Un exemple non-européen : le confucianisme

Mais cette conception n’est-elle pas trop occidentale ? Dans cette forme d’élaboration conceptuelle, oui sans doute ; mais ses idées de base sont plus universelles qu’il n’y paraît au premier abord. J’en veux pour exemple le confucianisme, mais ce n’est pas le seul. Certes on ne peut pas dire qu’il développe explicitement une conception de la loi naturelle ; mais son positionnement et les idées qu’il développe vont très naturellement dans ce sens. Ce n’est donc pas par hasard que Matteo Ricci et ses compagnons le considéraient comme préparation évangélique, justement parce qu’ils le voyaient comme une morale naturelle.

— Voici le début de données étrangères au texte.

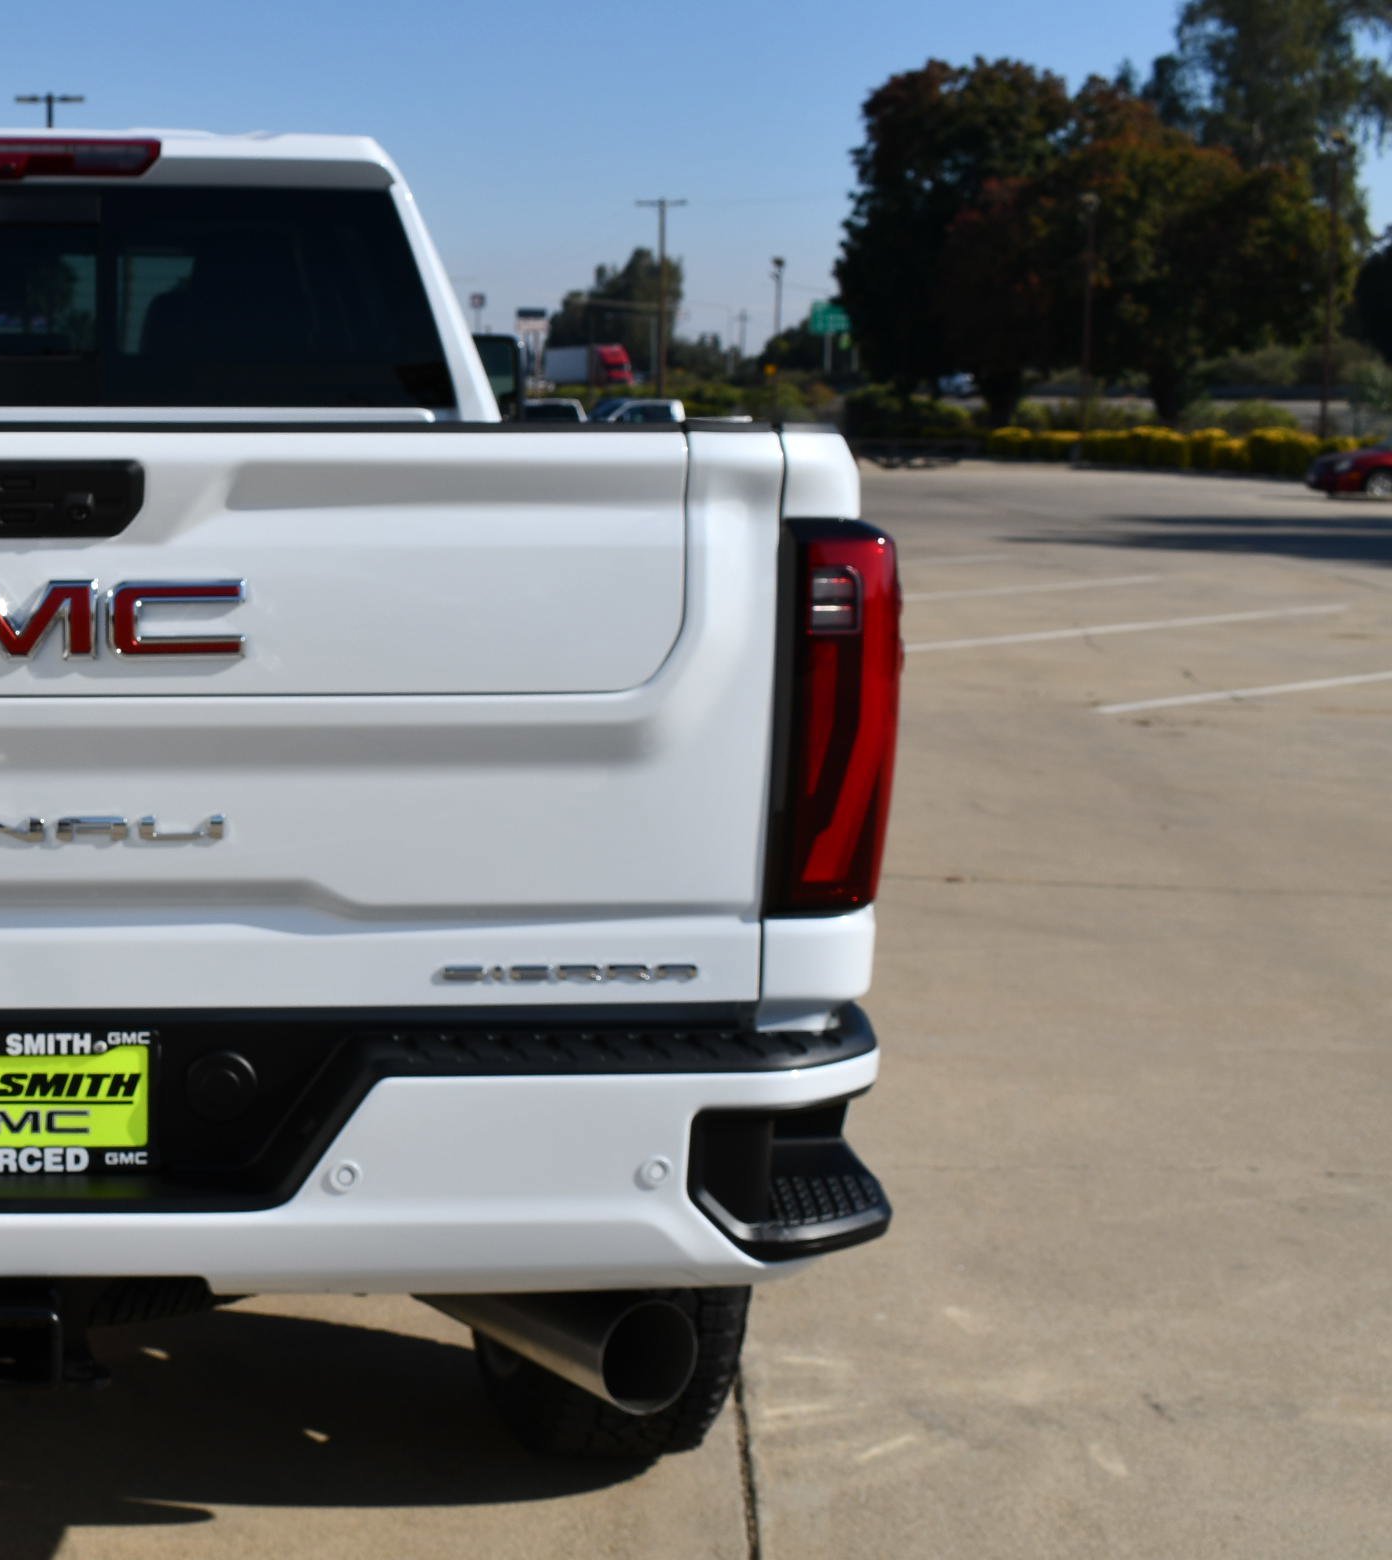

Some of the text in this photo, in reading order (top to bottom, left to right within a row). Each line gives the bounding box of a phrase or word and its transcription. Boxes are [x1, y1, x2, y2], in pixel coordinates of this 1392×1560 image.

Ses caractéristiques principales sont l’insistance sur le développement personnel, par la voie de la sagesse, d’un homme conçu comme être de relations et qui donc ne peut pleinement se développer qu’en contact avec les autres. Il n’y a pas d’au-delà transcendant explicite, mais la reconnaissance d’une spiritualité, liée à un ‘Ciel’ compris commue régulateur du flux d’ordre, d’harmonie et de créativité qui fait le monde et l’homme, lequel y est totalement immergé. On note en outre l’importance chez Confucius de la notion de ren, sens de l’humain ; le moi est vu comme point de convergence de rapports interpersonnels ; le lien moral est constitutif de tout être humain. C’est un ordre intrinsèque des choses dans lequel il faut se replacer. Affirmer et élever plus haut sa propre humanité prime en outre par rapport à tout autre devoir. Le concept central, celui de Voie du Ciel, vise au fond le comportement demandé de chacun, par et pour l’ordre des choses ; c’est en quelque sorte la vocation de chacun, la recherche de la meilleure conduite à adopter et à laquelle on est spécifiquement appelé. C’est donc à la fois spécifique à chacun (contrairement à une morale de type kantien), ordonnateur de la vie entière, et exigeant en ce qui concerne les attitudes possibles. C’est donc bien une morale objective dans son principe, et fondée sur la réalité des choses ; fondamentalement donc très proche de l’idée de loi naturelle.

L’analyse intellectuelle

Cela dit, même largement présente dans les diverses cultures, la question subsiste du fondement philosophique et rationnel de la loi naturelle. On l’a dit, la Doctrine sociale la considère accessible à tout homme de bonne volonté ; mais c’est sans le démontrer. Les analyses d’Alasdair MacIntyre montrent en revanche la possibilité à notre époque aussi de retrouver par le raisonnement et l’expérience les principes de la loi naturelle.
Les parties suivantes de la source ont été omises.